Could you retype all of the data below exactly as given?

Supplied information:
===============

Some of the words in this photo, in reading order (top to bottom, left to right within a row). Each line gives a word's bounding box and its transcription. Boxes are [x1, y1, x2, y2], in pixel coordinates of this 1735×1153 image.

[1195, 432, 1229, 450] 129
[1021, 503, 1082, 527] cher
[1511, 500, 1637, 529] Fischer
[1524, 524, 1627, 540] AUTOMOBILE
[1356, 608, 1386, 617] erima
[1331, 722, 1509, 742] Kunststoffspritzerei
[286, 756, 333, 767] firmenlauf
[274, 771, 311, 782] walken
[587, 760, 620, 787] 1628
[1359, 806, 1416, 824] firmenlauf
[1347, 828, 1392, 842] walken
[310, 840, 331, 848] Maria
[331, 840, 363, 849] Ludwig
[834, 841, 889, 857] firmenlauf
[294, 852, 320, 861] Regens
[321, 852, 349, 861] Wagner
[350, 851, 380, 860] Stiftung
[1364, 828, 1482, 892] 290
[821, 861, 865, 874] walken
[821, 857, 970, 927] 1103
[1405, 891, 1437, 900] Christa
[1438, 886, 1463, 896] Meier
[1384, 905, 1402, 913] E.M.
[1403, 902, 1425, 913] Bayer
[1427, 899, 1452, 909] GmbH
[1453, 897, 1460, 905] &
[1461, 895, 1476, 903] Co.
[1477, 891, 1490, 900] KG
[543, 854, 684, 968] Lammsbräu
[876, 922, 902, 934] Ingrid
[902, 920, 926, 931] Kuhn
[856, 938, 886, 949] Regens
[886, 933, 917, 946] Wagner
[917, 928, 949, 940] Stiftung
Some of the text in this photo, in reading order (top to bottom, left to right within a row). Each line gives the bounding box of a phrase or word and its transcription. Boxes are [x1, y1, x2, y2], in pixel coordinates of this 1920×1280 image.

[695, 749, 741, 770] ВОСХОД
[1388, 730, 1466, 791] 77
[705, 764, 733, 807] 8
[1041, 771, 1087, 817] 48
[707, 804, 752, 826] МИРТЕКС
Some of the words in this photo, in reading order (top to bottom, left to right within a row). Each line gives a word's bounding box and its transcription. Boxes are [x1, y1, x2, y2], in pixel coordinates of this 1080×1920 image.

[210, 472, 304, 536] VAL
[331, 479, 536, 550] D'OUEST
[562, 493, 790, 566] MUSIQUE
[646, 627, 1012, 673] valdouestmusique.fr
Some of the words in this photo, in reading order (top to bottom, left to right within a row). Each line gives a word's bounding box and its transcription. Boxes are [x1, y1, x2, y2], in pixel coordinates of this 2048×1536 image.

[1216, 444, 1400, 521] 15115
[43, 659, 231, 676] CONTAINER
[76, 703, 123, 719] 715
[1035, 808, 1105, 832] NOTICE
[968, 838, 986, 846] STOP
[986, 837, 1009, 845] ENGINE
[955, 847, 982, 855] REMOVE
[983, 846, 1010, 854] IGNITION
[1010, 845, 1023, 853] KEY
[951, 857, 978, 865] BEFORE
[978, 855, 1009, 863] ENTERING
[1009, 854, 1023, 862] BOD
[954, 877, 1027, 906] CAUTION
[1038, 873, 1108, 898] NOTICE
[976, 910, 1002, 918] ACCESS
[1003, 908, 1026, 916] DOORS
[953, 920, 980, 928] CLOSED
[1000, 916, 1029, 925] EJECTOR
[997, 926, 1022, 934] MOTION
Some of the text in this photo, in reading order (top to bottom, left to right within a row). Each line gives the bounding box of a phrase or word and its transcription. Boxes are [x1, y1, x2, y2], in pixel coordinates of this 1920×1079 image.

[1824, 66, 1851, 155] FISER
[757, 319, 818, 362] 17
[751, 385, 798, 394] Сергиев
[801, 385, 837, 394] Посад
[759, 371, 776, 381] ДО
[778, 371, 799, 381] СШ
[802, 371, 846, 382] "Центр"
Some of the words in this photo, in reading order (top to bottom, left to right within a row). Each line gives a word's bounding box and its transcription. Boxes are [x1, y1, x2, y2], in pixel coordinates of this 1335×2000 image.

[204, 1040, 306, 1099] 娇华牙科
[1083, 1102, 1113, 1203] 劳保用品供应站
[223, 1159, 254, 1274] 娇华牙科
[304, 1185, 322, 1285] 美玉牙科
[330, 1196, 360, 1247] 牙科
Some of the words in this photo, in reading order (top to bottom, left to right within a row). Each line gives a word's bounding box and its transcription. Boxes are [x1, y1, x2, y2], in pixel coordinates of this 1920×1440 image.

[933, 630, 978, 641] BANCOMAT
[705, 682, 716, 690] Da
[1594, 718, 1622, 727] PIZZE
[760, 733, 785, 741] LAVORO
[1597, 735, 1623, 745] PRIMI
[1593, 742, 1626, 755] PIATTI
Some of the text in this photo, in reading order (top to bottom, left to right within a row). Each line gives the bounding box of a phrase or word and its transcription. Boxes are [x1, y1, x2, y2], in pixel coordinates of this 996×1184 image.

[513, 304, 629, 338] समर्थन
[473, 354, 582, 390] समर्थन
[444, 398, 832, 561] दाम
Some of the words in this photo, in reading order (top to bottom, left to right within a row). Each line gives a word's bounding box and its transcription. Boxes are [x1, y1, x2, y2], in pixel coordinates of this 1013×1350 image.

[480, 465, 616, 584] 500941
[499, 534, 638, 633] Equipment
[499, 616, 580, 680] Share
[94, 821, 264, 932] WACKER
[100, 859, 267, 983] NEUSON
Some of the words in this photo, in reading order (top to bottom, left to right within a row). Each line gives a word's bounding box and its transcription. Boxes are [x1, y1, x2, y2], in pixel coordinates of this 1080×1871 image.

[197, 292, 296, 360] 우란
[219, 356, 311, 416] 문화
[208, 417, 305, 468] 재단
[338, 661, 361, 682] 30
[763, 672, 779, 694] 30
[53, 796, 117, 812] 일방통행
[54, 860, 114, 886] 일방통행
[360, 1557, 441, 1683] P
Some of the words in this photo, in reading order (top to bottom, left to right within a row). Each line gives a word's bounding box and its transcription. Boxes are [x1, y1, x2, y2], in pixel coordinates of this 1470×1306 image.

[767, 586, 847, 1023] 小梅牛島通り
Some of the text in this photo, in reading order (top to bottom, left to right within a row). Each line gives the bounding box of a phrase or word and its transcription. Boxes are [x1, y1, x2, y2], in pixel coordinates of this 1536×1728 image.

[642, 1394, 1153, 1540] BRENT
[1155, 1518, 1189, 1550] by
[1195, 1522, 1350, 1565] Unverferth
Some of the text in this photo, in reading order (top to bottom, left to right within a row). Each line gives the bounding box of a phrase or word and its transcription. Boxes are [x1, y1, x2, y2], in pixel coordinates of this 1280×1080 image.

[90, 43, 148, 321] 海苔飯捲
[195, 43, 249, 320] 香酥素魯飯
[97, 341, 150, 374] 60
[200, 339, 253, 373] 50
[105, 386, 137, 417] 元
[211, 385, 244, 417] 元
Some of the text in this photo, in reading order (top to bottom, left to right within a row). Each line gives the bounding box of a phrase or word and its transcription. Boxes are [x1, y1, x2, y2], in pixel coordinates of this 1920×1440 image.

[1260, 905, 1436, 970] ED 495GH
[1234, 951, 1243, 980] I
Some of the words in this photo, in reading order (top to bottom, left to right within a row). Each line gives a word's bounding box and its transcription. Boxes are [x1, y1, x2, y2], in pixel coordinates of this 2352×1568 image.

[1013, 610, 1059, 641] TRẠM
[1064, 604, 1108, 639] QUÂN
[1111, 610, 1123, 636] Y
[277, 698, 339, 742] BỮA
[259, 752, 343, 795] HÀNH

===============

Written response:
Some of the words in this photo, in reading order (top to bottom, left to right within a row). Each line gives a word's bounding box and its transcription. Boxes are [x1, y1, x2, y2], in pixel coordinates of this 1735×1153 image.

[1195, 432, 1229, 450] 129
[1021, 503, 1082, 527] cher
[1511, 500, 1637, 529] Fischer
[1524, 524, 1627, 540] AUTOMOBILE
[1356, 608, 1386, 617] erima
[1331, 722, 1509, 742] Kunststoffspritzerei
[286, 756, 333, 767] firmenlauf
[274, 771, 311, 782] walken
[587, 760, 620, 787] 1628
[1359, 806, 1416, 824] firmenlauf
[1347, 828, 1392, 842] walken
[310, 840, 331, 848] Maria
[331, 840, 363, 849] Ludwig
[834, 841, 889, 857] firmenlauf
[294, 852, 320, 861] Regens
[321, 852, 349, 861] Wagner
[350, 851, 380, 860] Stiftung
[1364, 828, 1482, 892] 290
[821, 861, 865, 874] walken
[821, 857, 970, 927] 1103
[1405, 891, 1437, 900] Christa
[1438, 886, 1463, 896] Meier
[1384, 905, 1402, 913] E.M.
[1403, 902, 1425, 913] Bayer
[1427, 899, 1452, 909] GmbH
[1453, 897, 1460, 905] &
[1461, 895, 1476, 903] Co.
[1477, 891, 1490, 900] KG
[543, 854, 684, 968] Lammsbräu
[876, 922, 902, 934] Ingrid
[902, 920, 926, 931] Kuhn
[856, 938, 886, 949] Regens
[886, 933, 917, 946] Wagner
[917, 928, 949, 940] Stiftung
Some of the text in this photo, in reading order (top to bottom, left to right within a row). Each line gives the bounding box of a phrase or word and its transcription. Boxes are [x1, y1, x2, y2], in pixel coordinates of this 1920×1280 image.

[695, 749, 741, 770] ВОСХОД
[1388, 730, 1466, 791] 77
[705, 764, 733, 807] 8
[1041, 771, 1087, 817] 48
[707, 804, 752, 826] МИРТЕКС
Some of the words in this photo, in reading order (top to bottom, left to right within a row). Each line gives a word's bounding box and its transcription. Boxes are [x1, y1, x2, y2], in pixel coordinates of this 1080×1920 image.

[210, 472, 304, 536] VAL
[331, 479, 536, 550] D'OUEST
[562, 493, 790, 566] MUSIQUE
[646, 627, 1012, 673] valdouestmusique.fr
Some of the words in this photo, in reading order (top to bottom, left to right within a row). Each line gives a word's bounding box and its transcription. Boxes are [x1, y1, x2, y2], in pixel coordinates of this 2048×1536 image.

[1216, 444, 1400, 521] 15115
[43, 659, 231, 676] CONTAINER
[76, 703, 123, 719] 715
[1035, 808, 1105, 832] NOTICE
[968, 838, 986, 846] STOP
[986, 837, 1009, 845] ENGINE
[955, 847, 982, 855] REMOVE
[983, 846, 1010, 854] IGNITION
[1010, 845, 1023, 853] KEY
[951, 857, 978, 865] BEFORE
[978, 855, 1009, 863] ENTERING
[1009, 854, 1023, 862] BOD
[954, 877, 1027, 906] CAUTION
[1038, 873, 1108, 898] NOTICE
[976, 910, 1002, 918] ACCESS
[1003, 908, 1026, 916] DOORS
[953, 920, 980, 928] CLOSED
[1000, 916, 1029, 925] EJECTOR
[997, 926, 1022, 934] MOTION
Some of the text in this photo, in reading order (top to bottom, left to right within a row). Each line gives the bounding box of a phrase or word and its transcription. Boxes are [x1, y1, x2, y2], in pixel coordinates of this 1920×1079 image.

[1824, 66, 1851, 155] FISER
[757, 319, 818, 362] 17
[751, 385, 798, 394] Сергиев
[801, 385, 837, 394] Посад
[759, 371, 776, 381] ДО
[778, 371, 799, 381] СШ
[802, 371, 846, 382] "Центр"
Some of the words in this photo, in reading order (top to bottom, left to right within a row). Each line gives a word's bounding box and its transcription. Boxes are [x1, y1, x2, y2], in pixel coordinates of this 1335×2000 image.

[204, 1040, 306, 1099] 娇华牙科
[1083, 1102, 1113, 1203] 劳保用品供应站
[223, 1159, 254, 1274] 娇华牙科
[304, 1185, 322, 1285] 美玉牙科
[330, 1196, 360, 1247] 牙科
Some of the words in this photo, in reading order (top to bottom, left to right within a row). Each line gives a word's bounding box and its transcription. Boxes are [x1, y1, x2, y2], in pixel coordinates of this 1920×1440 image.

[933, 630, 978, 641] BANCOMAT
[705, 682, 716, 690] Da
[1594, 718, 1622, 727] PIZZE
[760, 733, 785, 741] LAVORO
[1597, 735, 1623, 745] PRIMI
[1593, 742, 1626, 755] PIATTI
Some of the text in this photo, in reading order (top to bottom, left to right within a row). Each line gives the bounding box of a phrase or word and its transcription. Boxes are [x1, y1, x2, y2], in pixel coordinates of this 996×1184 image.

[513, 304, 629, 338] समर्थन
[473, 354, 582, 390] समर्थन
[444, 398, 832, 561] दाम
Some of the words in this photo, in reading order (top to bottom, left to right within a row). Each line gives a word's bounding box and its transcription. Boxes are [x1, y1, x2, y2], in pixel coordinates of this 1013×1350 image.

[480, 465, 616, 584] 500941
[499, 534, 638, 633] Equipment
[499, 616, 580, 680] Share
[94, 821, 264, 932] WACKER
[100, 859, 267, 983] NEUSON
Some of the words in this photo, in reading order (top to bottom, left to right within a row). Each line gives a word's bounding box and its transcription. Boxes are [x1, y1, x2, y2], in pixel coordinates of this 1080×1871 image.

[197, 292, 296, 360] 우란
[219, 356, 311, 416] 문화
[208, 417, 305, 468] 재단
[338, 661, 361, 682] 30
[763, 672, 779, 694] 30
[53, 796, 117, 812] 일방통행
[54, 860, 114, 886] 일방통행
[360, 1557, 441, 1683] P
Some of the words in this photo, in reading order (top to bottom, left to right within a row). Each line gives a word's bounding box and its transcription. Boxes are [x1, y1, x2, y2], in pixel coordinates of this 1470×1306 image.

[767, 586, 847, 1023] 小梅牛島通り
Some of the text in this photo, in reading order (top to bottom, left to right within a row). Each line gives the bounding box of a phrase or word and its transcription. Boxes are [x1, y1, x2, y2], in pixel coordinates of this 1536×1728 image.

[642, 1394, 1153, 1540] BRENT
[1155, 1518, 1189, 1550] by
[1195, 1522, 1350, 1565] Unverferth
Some of the text in this photo, in reading order (top to bottom, left to right within a row). Each line gives the bounding box of a phrase or word and its transcription. Boxes are [x1, y1, x2, y2], in pixel coordinates of this 1280×1080 image.

[90, 43, 148, 321] 海苔飯捲
[195, 43, 249, 320] 香酥素魯飯
[97, 341, 150, 374] 60
[200, 339, 253, 373] 50
[105, 386, 137, 417] 元
[211, 385, 244, 417] 元
Some of the text in this photo, in reading order (top to bottom, left to right within a row). Each line gives the bounding box of a phrase or word and its transcription. Boxes are [x1, y1, x2, y2], in pixel coordinates of this 1920×1440 image.

[1260, 905, 1436, 970] ED 495GH
[1234, 951, 1243, 980] I
Some of the words in this photo, in reading order (top to bottom, left to right within a row). Each line gives a word's bounding box and its transcription. Boxes are [x1, y1, x2, y2], in pixel coordinates of this 2352×1568 image.

[1013, 610, 1059, 641] TRẠM
[1064, 604, 1108, 639] QUÂN
[1111, 610, 1123, 636] Y
[277, 698, 339, 742] BỮA
[259, 752, 343, 795] HÀNH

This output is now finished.